Alcohol is one of the most widely used drugs in Australia. According to the 2013 National Drug Strategy Household Survey (NDSHS), about four out of five Australians aged ≥14 years consumed alcohol in the previous year, and 6.5% did so on a daily basis. Those most likely to drink daily were in the ≥70-year age group; this included both men (21%) and women (10%). The Bettering the Evaluation and Care of Health (BEACH) study has measured alcohol consumption by patients over several years, as recorded at general practice encounters, to estimate the proportion of patients who were ‘hazardous drinkers’. Between 2006–07 and 2015–-16, the prevalence of ‘hazardous’ drinking decreased from 27.0% to 22.7% in adult patients.

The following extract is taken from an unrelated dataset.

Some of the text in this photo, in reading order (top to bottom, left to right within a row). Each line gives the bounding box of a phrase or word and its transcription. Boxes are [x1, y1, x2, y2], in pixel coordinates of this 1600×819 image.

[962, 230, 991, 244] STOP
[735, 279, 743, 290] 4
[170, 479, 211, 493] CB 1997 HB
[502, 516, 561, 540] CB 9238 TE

However, there is less information about the prevalence of chronic alcohol abuse. One of the questions asked in the same BEACH sub-study was: ‘How often do you have six or more standard drinks on one occasion?’. In the past we have defined six or more standard drinks on a single occasion as ‘binge drinking’. One could consider those who drink six or more standard drinks ‘daily or almost daily’ to have ‘chronic excessive alcohol consumption’.

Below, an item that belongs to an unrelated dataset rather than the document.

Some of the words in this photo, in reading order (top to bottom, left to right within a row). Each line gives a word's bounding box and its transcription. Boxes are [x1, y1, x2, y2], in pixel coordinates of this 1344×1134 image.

The first aim of this study was to estimate the prevalence of chronic excessive alcohol consumption among adult patients, as recorded at general practice encounters, by patient characteristics. In 2008, the New South Wales Department of Health published the Drug and alcohol withdrawal clinical practice guidelines. The recommended treatments for alcohol withdrawal were pharmacotherapies, including diazepam, thiamine (vitamin B1), naltrexone, acamprosate, disulfiram; counselling; advice about self-help groups; and referral to allied health services. The second aim of the study was to estimate the management rates of diagnosed chronic alcohol abuse in general practice by patient characteristics and compare them with the prevalence of chronic excessive alcohol consumption. The third aim was to examine whether general practice management of diagnosed chronic alcohol abuse matched the guidelines.